Data section:
============================================================

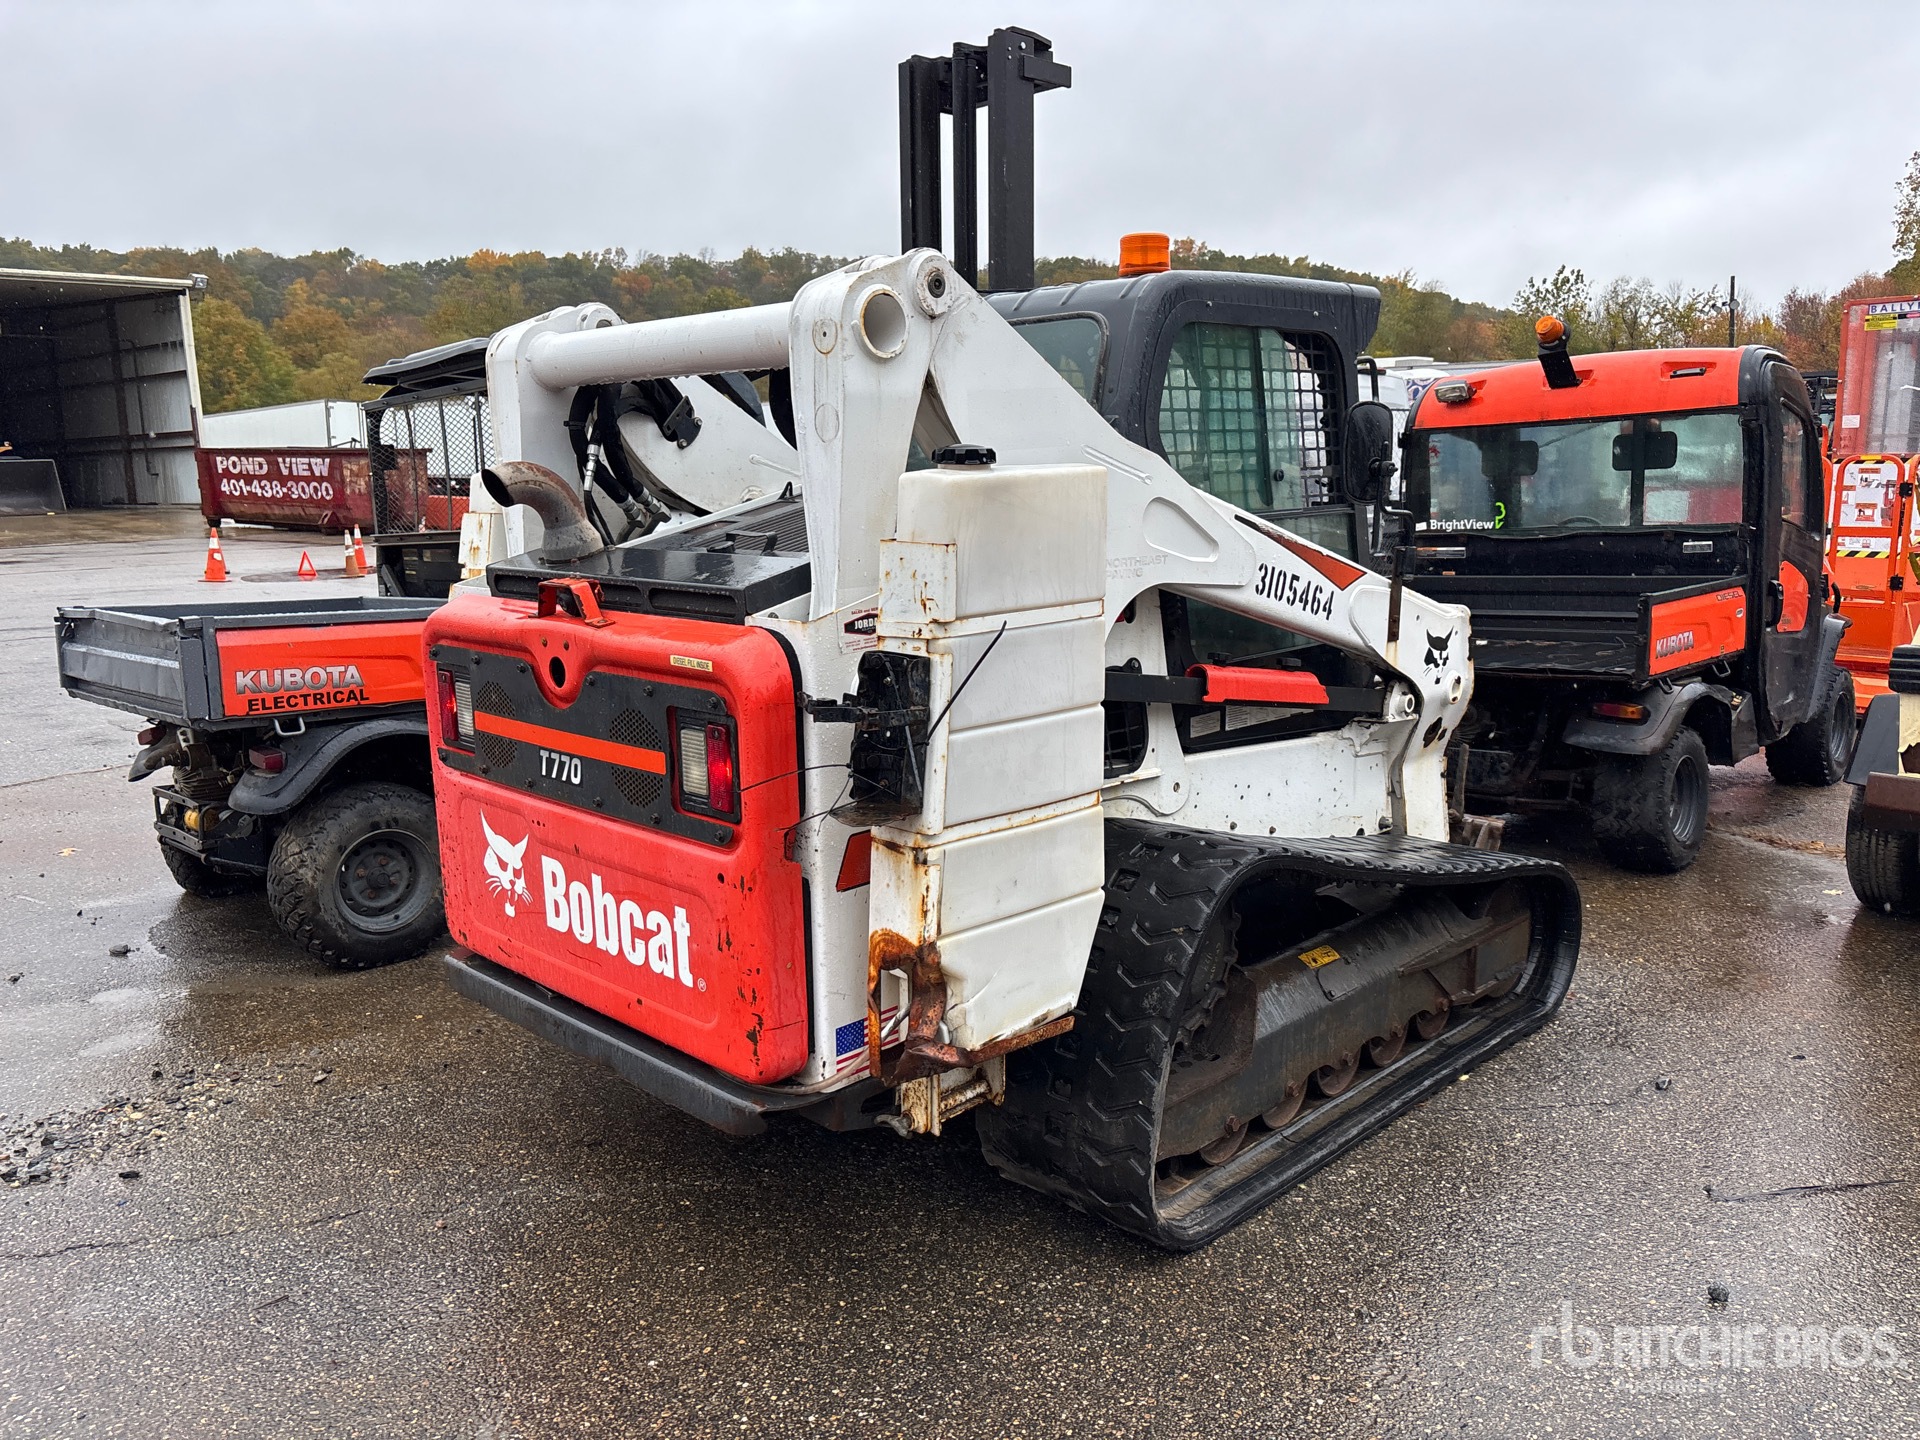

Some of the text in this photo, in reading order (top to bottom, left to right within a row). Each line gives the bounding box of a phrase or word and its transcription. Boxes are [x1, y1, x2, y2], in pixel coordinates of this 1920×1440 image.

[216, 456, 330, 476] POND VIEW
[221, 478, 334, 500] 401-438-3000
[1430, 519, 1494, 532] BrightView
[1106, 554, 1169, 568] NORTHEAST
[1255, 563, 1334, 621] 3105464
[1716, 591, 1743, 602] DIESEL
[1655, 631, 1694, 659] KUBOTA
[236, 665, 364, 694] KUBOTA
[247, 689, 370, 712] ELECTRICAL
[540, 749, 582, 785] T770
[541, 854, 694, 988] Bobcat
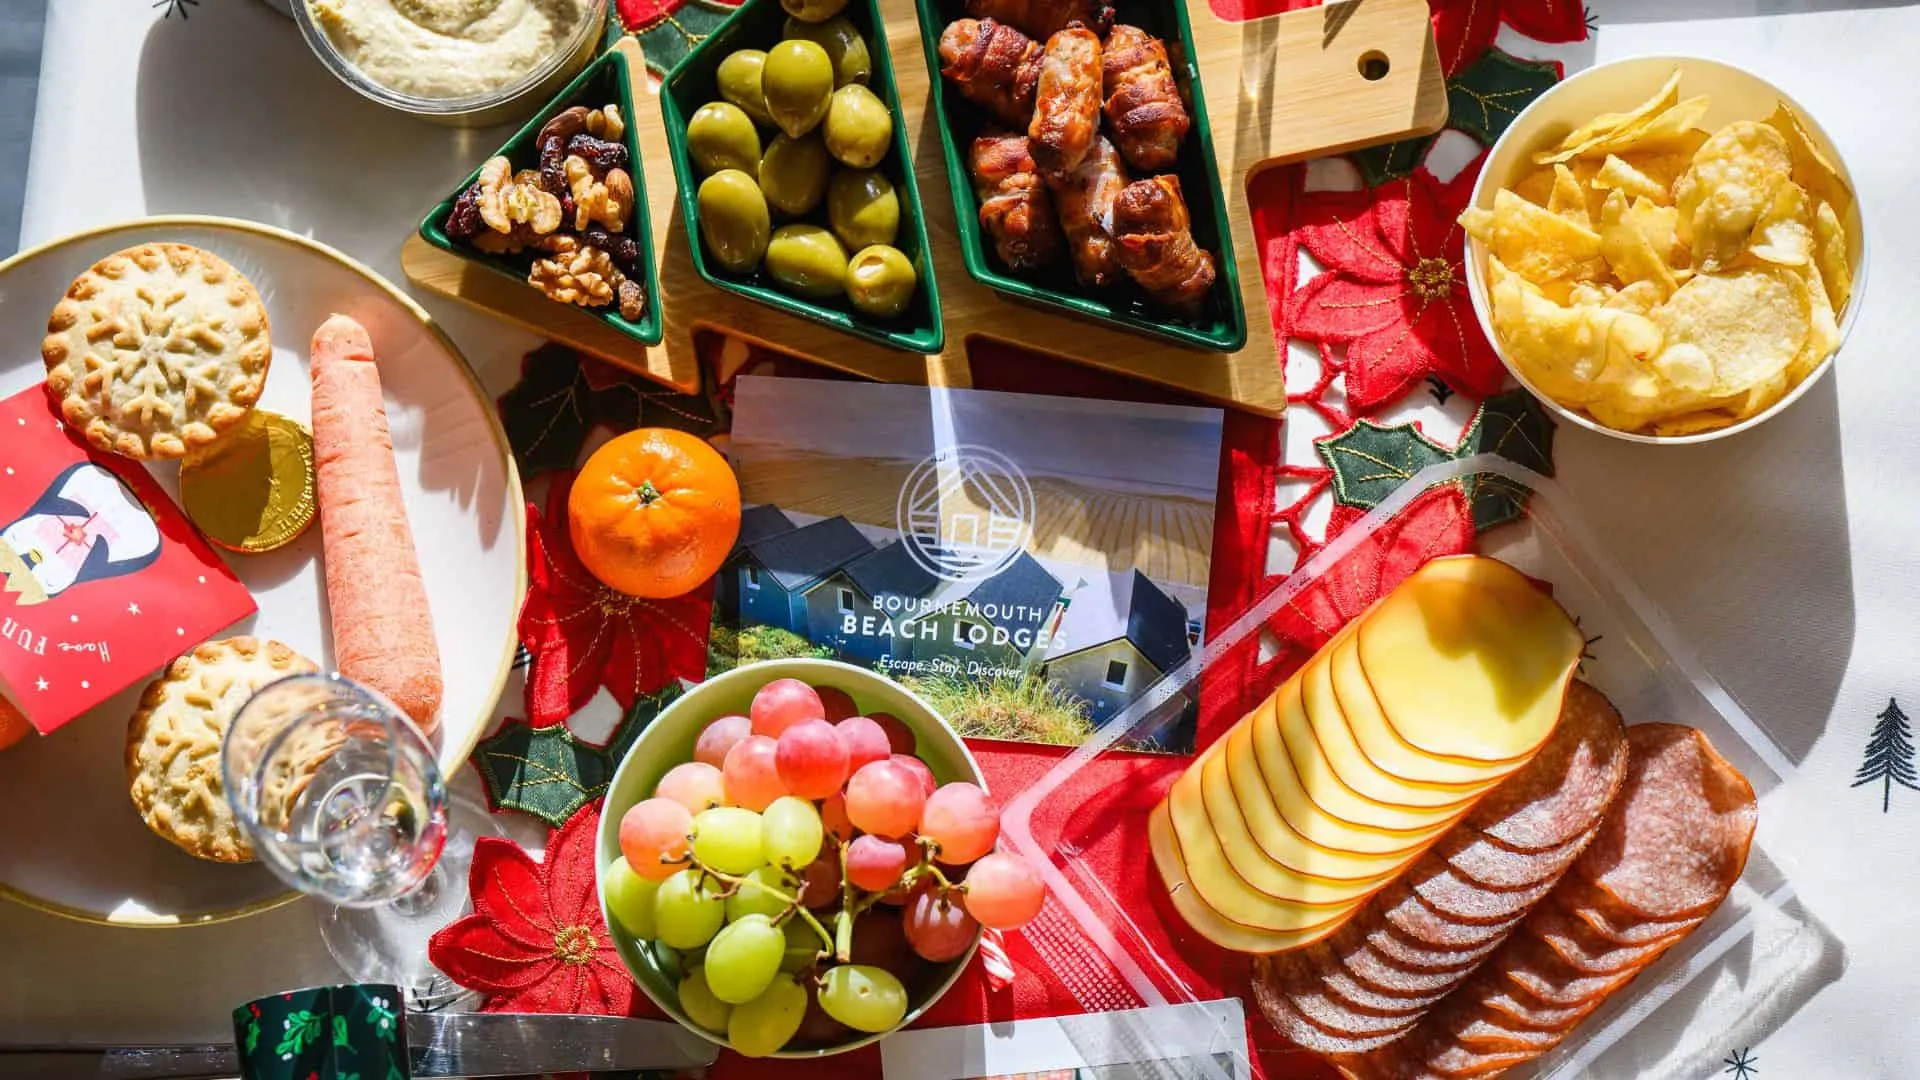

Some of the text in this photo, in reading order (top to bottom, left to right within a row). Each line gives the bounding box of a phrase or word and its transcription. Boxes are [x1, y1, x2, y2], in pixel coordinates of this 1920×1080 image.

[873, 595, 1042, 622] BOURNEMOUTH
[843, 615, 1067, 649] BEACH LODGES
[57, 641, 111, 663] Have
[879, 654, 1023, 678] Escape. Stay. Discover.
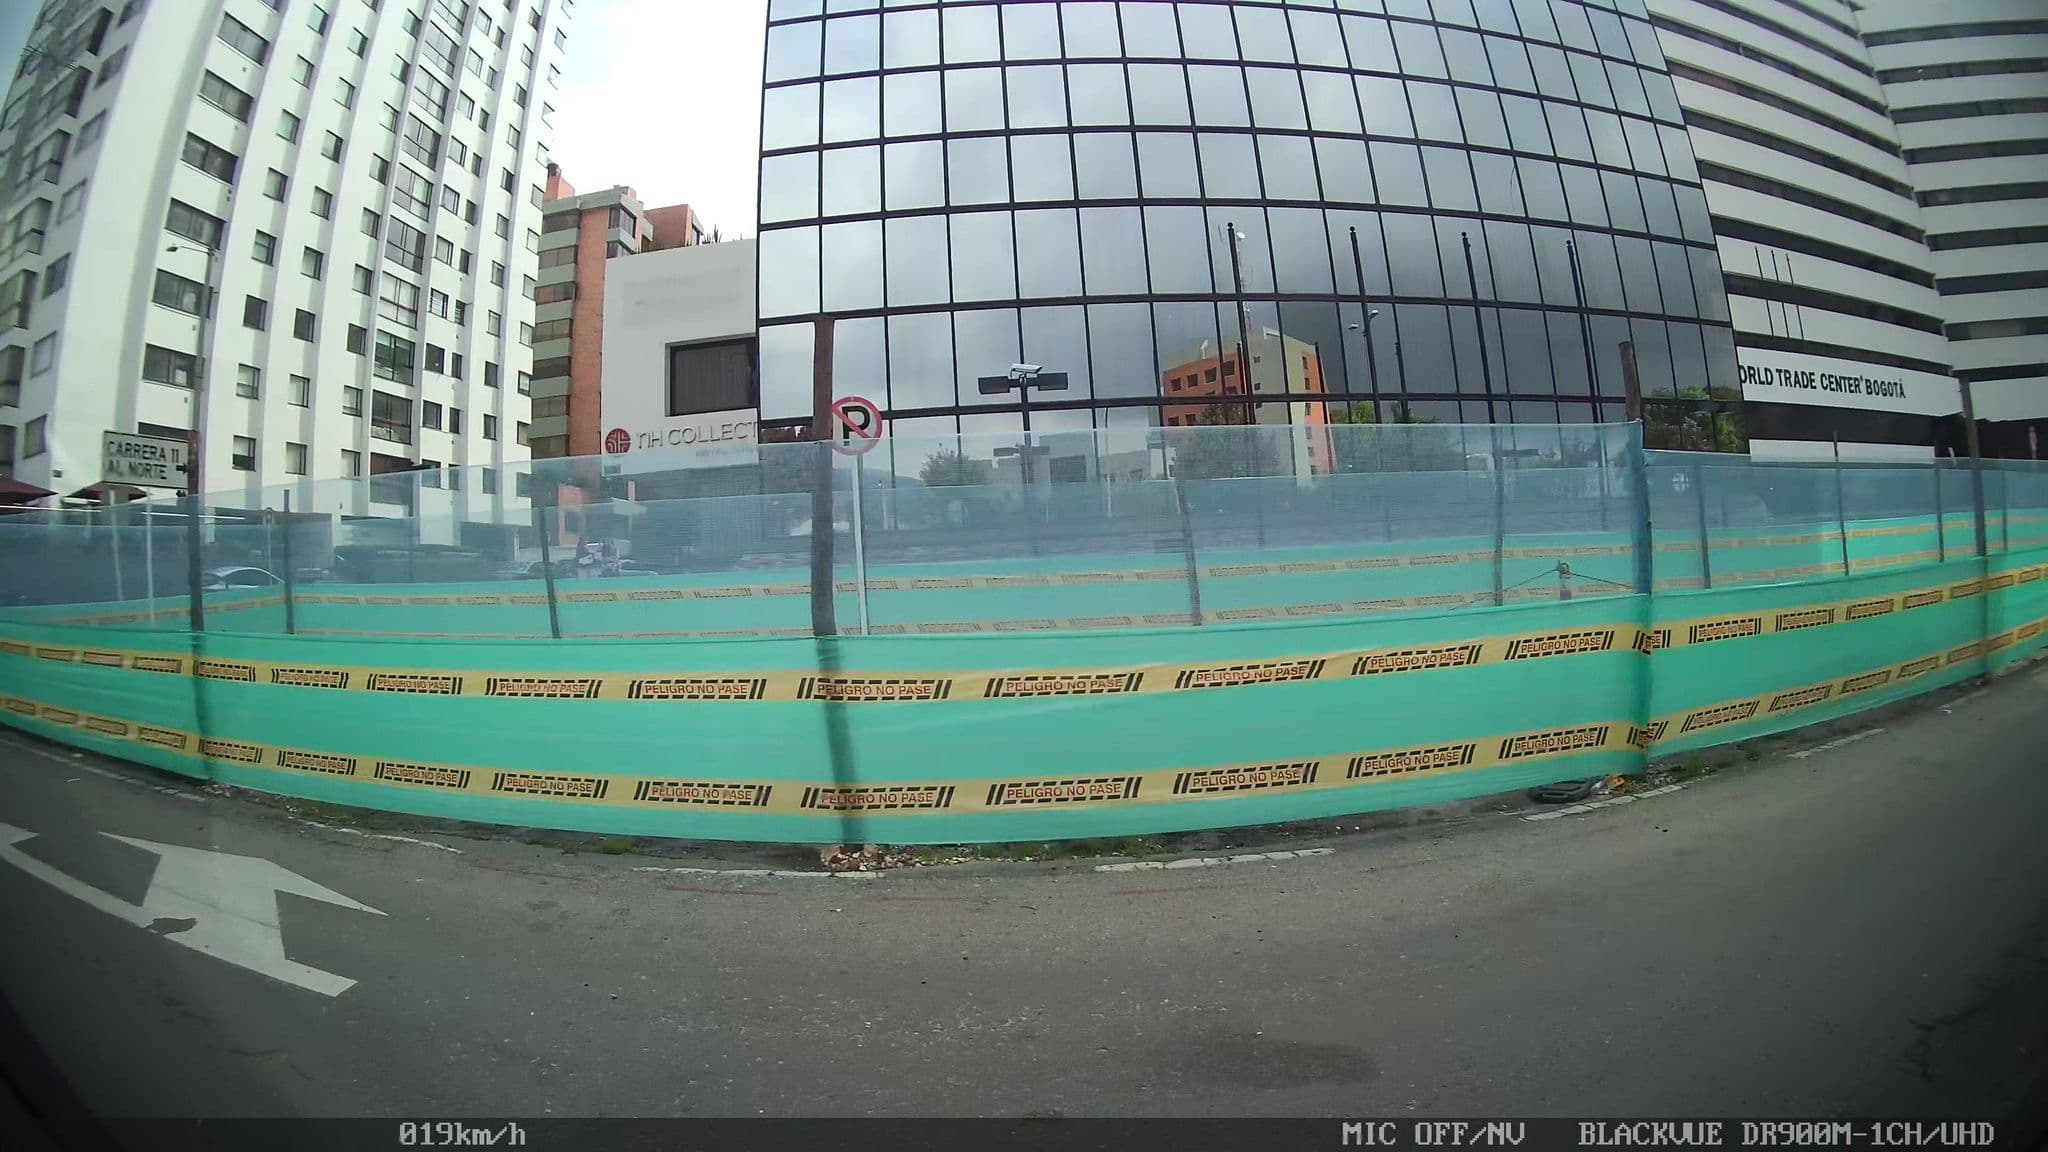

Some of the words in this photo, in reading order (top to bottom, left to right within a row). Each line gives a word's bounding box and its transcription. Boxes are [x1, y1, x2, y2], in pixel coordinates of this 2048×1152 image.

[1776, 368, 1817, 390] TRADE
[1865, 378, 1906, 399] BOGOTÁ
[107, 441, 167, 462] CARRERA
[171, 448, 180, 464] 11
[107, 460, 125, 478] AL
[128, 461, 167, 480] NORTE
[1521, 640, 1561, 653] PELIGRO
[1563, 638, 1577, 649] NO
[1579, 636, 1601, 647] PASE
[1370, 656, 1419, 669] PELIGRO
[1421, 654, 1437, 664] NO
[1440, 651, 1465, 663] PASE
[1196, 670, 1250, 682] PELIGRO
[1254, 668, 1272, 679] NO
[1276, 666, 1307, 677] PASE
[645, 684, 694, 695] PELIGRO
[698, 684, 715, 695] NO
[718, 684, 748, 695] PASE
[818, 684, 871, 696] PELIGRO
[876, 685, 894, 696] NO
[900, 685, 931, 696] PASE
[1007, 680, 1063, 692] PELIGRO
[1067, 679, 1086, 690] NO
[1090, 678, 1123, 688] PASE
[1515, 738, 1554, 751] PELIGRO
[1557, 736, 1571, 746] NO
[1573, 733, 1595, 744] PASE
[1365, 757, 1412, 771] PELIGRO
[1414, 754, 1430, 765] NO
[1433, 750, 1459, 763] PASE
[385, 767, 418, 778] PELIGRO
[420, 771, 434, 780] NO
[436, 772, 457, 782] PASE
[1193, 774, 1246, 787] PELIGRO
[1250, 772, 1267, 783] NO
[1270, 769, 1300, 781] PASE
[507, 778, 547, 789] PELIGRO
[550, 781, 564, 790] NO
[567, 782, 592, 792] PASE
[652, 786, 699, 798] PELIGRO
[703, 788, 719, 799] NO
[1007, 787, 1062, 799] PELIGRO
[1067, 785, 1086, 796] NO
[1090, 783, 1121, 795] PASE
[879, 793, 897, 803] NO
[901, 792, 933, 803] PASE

============================================================

Problem description: For this exercise, print all of the entries exactly as they appear, but without pictures.

Response to the exercise:
Some of the text in this photo, in reading order (top to bottom, left to right within a row). Each line gives the bounding box of a phrase or word and its transcription. Boxes are [x1, y1, x2, y2], in pixel coordinates of this 1920×1440 image.

[216, 456, 330, 476] POND VIEW
[221, 478, 334, 500] 401-438-3000
[1430, 519, 1494, 532] BrightView
[1106, 554, 1169, 568] NORTHEAST
[1255, 563, 1334, 621] 3105464
[1716, 591, 1743, 602] DIESEL
[1655, 631, 1694, 659] KUBOTA
[236, 665, 364, 694] KUBOTA
[247, 689, 370, 712] ELECTRICAL
[540, 749, 582, 785] T770
[541, 854, 694, 988] Bobcat

Some of the text in this photo, in reading order (top to bottom, left to right within a row). Each line gives the bounding box of a phrase or word and its transcription. Boxes are [x1, y1, x2, y2], in pixel coordinates of this 1920×1080 image.

[873, 595, 1042, 622] BOURNEMOUTH
[843, 615, 1067, 649] BEACH LODGES
[57, 641, 111, 663] Have
[879, 654, 1023, 678] Escape. Stay. Discover.

Some of the words in this photo, in reading order (top to bottom, left to right within a row). Each line gives a word's bounding box and its transcription. Boxes are [x1, y1, x2, y2], in pixel coordinates of this 2048×1152 image.

[1776, 368, 1817, 390] TRADE
[1865, 378, 1906, 399] BOGOTÁ
[107, 441, 167, 462] CARRERA
[171, 448, 180, 464] 11
[107, 460, 125, 478] AL
[128, 461, 167, 480] NORTE
[1521, 640, 1561, 653] PELIGRO
[1563, 638, 1577, 649] NO
[1579, 636, 1601, 647] PASE
[1370, 656, 1419, 669] PELIGRO
[1421, 654, 1437, 664] NO
[1440, 651, 1465, 663] PASE
[1196, 670, 1250, 682] PELIGRO
[1254, 668, 1272, 679] NO
[1276, 666, 1307, 677] PASE
[645, 684, 694, 695] PELIGRO
[698, 684, 715, 695] NO
[718, 684, 748, 695] PASE
[818, 684, 871, 696] PELIGRO
[876, 685, 894, 696] NO
[900, 685, 931, 696] PASE
[1007, 680, 1063, 692] PELIGRO
[1067, 679, 1086, 690] NO
[1090, 678, 1123, 688] PASE
[1515, 738, 1554, 751] PELIGRO
[1557, 736, 1571, 746] NO
[1573, 733, 1595, 744] PASE
[1365, 757, 1412, 771] PELIGRO
[1414, 754, 1430, 765] NO
[1433, 750, 1459, 763] PASE
[385, 767, 418, 778] PELIGRO
[420, 771, 434, 780] NO
[436, 772, 457, 782] PASE
[1193, 774, 1246, 787] PELIGRO
[1250, 772, 1267, 783] NO
[1270, 769, 1300, 781] PASE
[507, 778, 547, 789] PELIGRO
[550, 781, 564, 790] NO
[567, 782, 592, 792] PASE
[652, 786, 699, 798] PELIGRO
[703, 788, 719, 799] NO
[1007, 787, 1062, 799] PELIGRO
[1067, 785, 1086, 796] NO
[1090, 783, 1121, 795] PASE
[879, 793, 897, 803] NO
[901, 792, 933, 803] PASE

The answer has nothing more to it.